De là à prédire que les cerfs pourraient survivre avec une diète tout épinette quand le sapin aurait disparu, il y a un pas que Joëlle Taillon refuse de franchir. «Ils seront capables de s’ajuster à une certaine hausse, mais on ne sait pas si cela pourra dépasser 40%, dit-elle. Et puis, il n’y a pas que l’alimentation: la sapinière leur offre un meilleur couvert contre la neige, ce qui facilite leurs déplacements en hiver.»

Jusqu’où ira l’adaptation du cerf d’Anticosti? Des chercheurs de la Chaire s’activent à sonder les estomacs, les urines et les liqueurs de rumen des animaux pour voir si leur grande plasticité s’étend jusqu’à des changements physiologiques. Des réponses vont venir bientôt, assure Steeve Côté, qui se doute bien qu’on trouvera des différences par rapport aux ruminants du continent.

Un modèle pour diminuer la densité
Pour le chercheur, il y a gros à parier que des cerfs du Bas-Saint-Laurent (d’où provient le troupeau d’Anticosti) ne seraient pas capables de passer l’hiver sur l’île dans les conditions actuelles de la végétation. Tout comme ceux d’Anticosti n’auraient probablement pas survécu s’ils avaient eu des prédateurs: à cause de la longueur de l’hiver. On est ici au nord de l’aire de répartition de l’espèce, d’ailleurs absente de la région de Mingan, juste en face sur la Côte-Nord.

Avec un modèle statistique en voie d’élaboration à partir des connaissances acquises depuis 12 ans, on pourra bientôt prédire l’effet de différents scénarios de gestion (chasse, foresterie) susceptibles de diminuer les densités du cerf à long terme. Malgré tout, on craint toujours la disparition des sapinières d’Anticosti. «En tout cas, pour l’instant, elles continuent de diminuer», observe M. Côté. Il faudra voir si la régénération tiendra le coup lorsqu’on commencera à démanteler les premiers enclos à compter de l’été prochain. Les sapins plantés au début de la décennie seront-ils assez costauds pour échapper à la voracité des cerfs?
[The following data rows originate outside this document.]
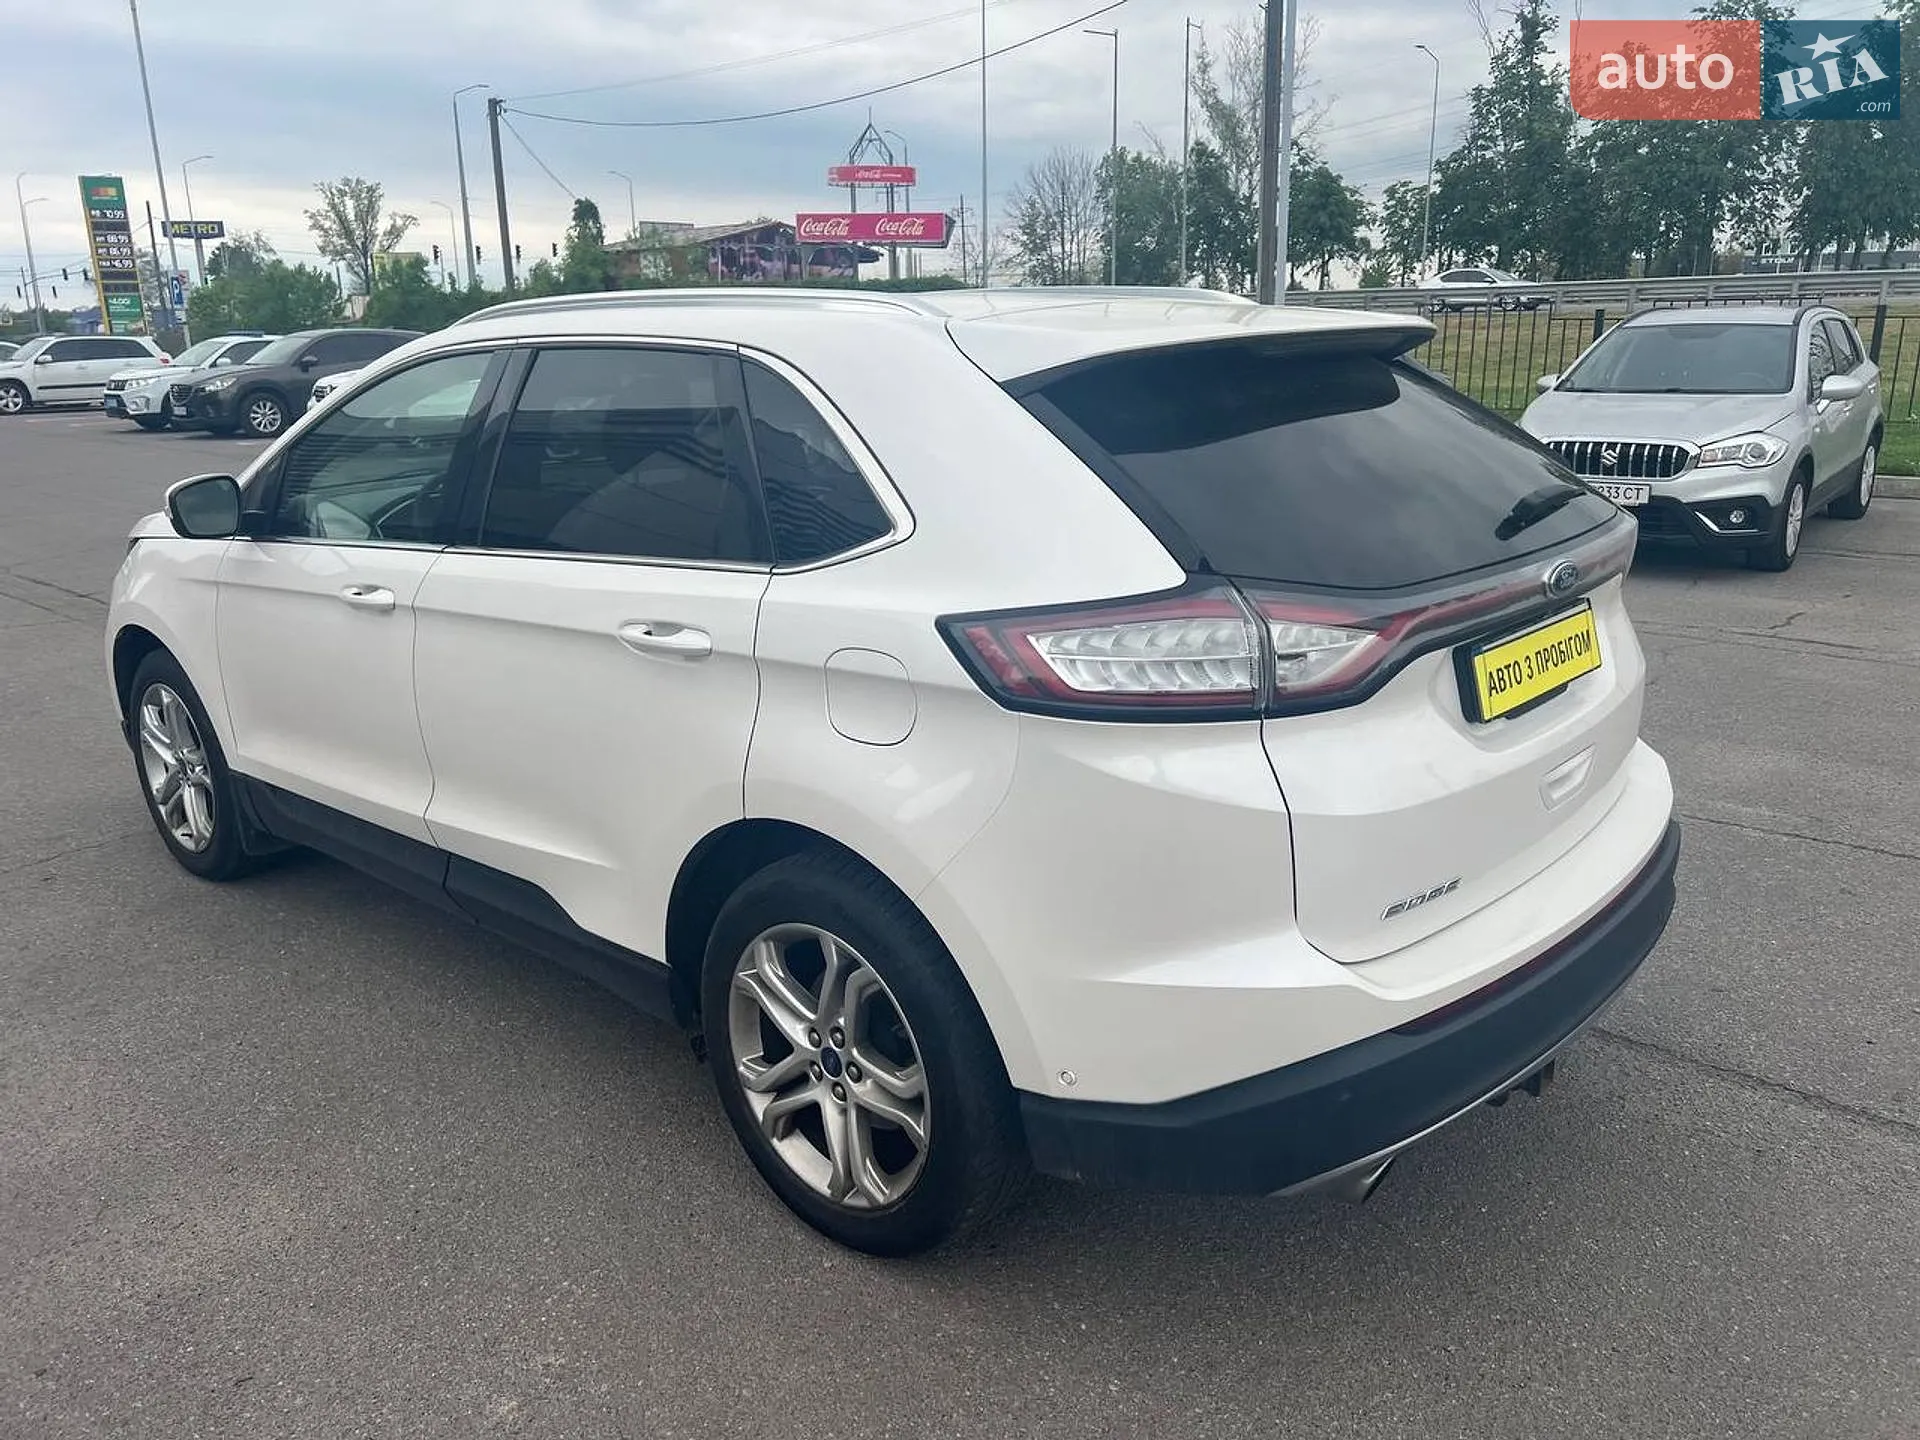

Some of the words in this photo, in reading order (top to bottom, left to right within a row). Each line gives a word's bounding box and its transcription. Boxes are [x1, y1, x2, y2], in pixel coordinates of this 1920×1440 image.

[171, 223, 219, 234] METRO
[1623, 487, 1644, 500] CT
[1487, 660, 1523, 698] АВТО
[1535, 629, 1592, 675] ПРОБІГОМ
[1381, 877, 1462, 920] EDGE
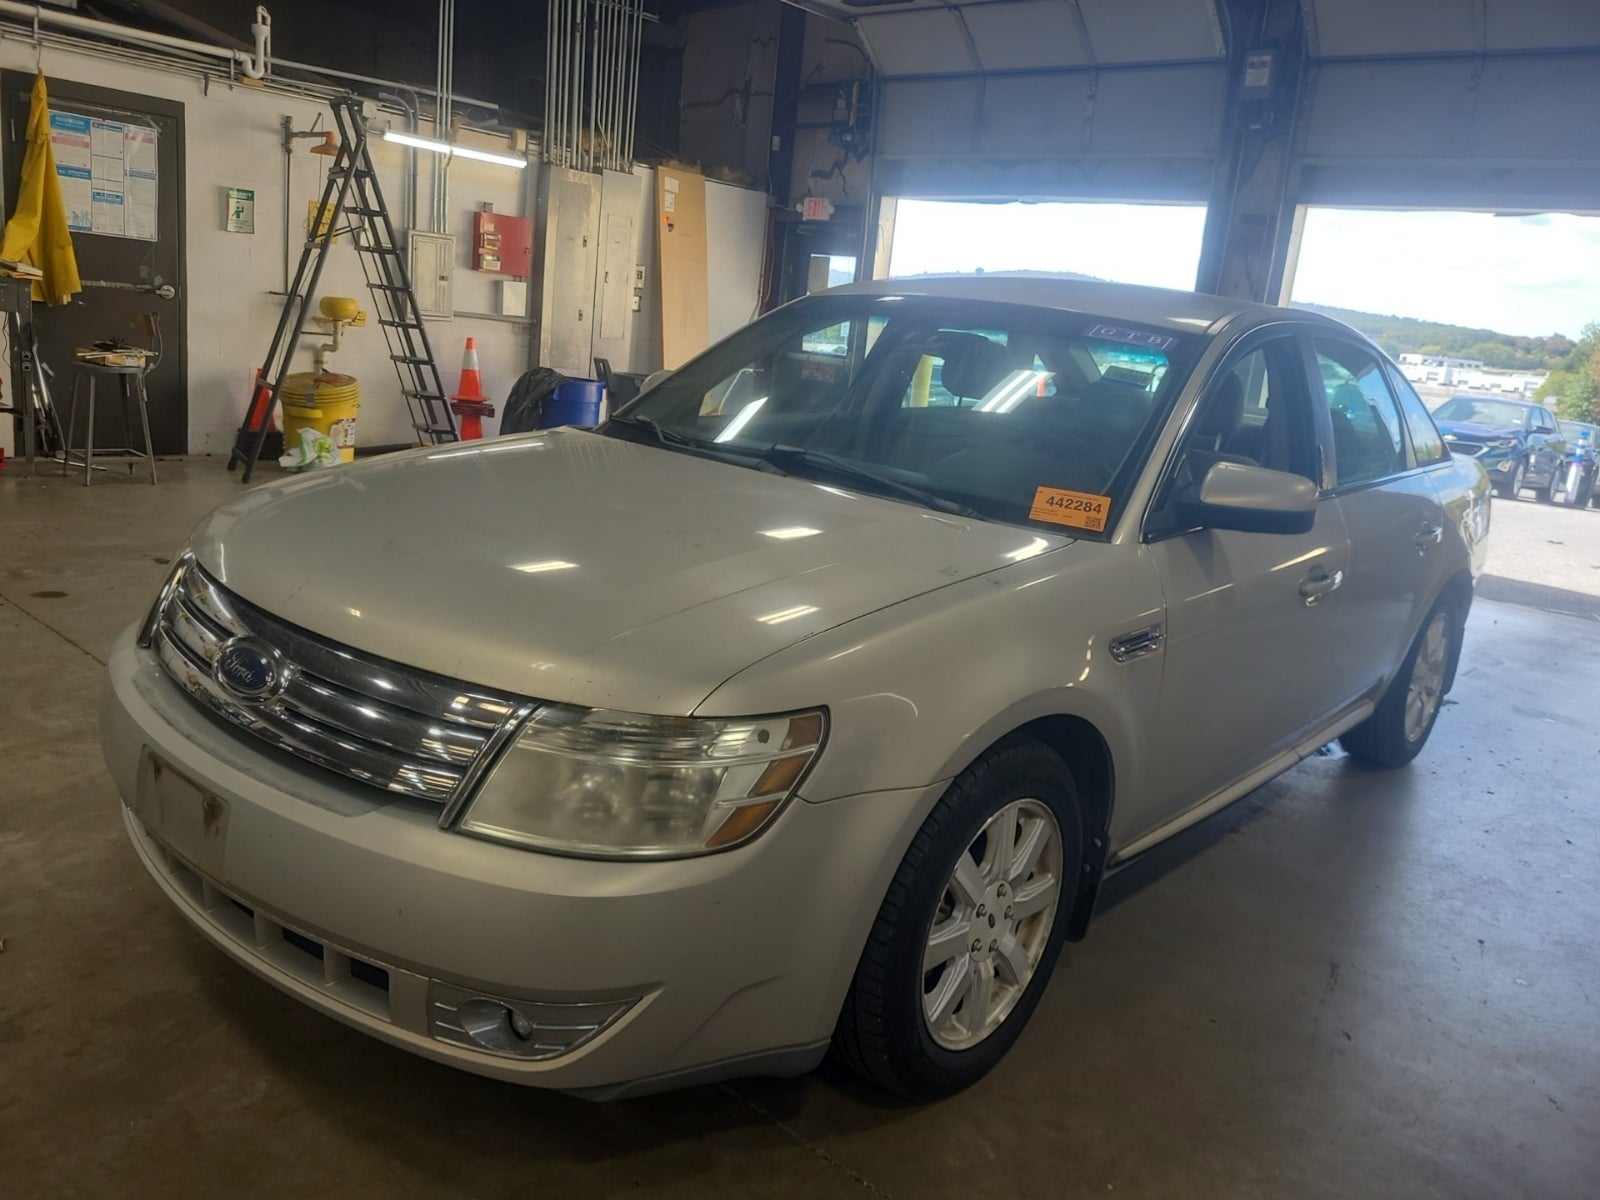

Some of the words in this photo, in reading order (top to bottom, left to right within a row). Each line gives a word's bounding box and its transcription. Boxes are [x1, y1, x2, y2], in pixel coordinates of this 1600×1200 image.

Et, à plus long terme, il faudra voir ce qu’il adviendra de l’île et de sa faune si l’exploration pétrolière qui est faite un peu partout sur le territoire se transforme en véritable exploitation d’ici quelques années. Là aussi, la Chaire s’implique, en menant des recherches sur les impacts du bruit et autres dérangements subis par les cerfs à proximité des puits d’exploration. Tout en continuant à profiter du contexte unique de ce milieu insulaire pour étudier une espèce surabondante qui, dans quelque temps, pourrait bien se retrouver dans la situation inverse.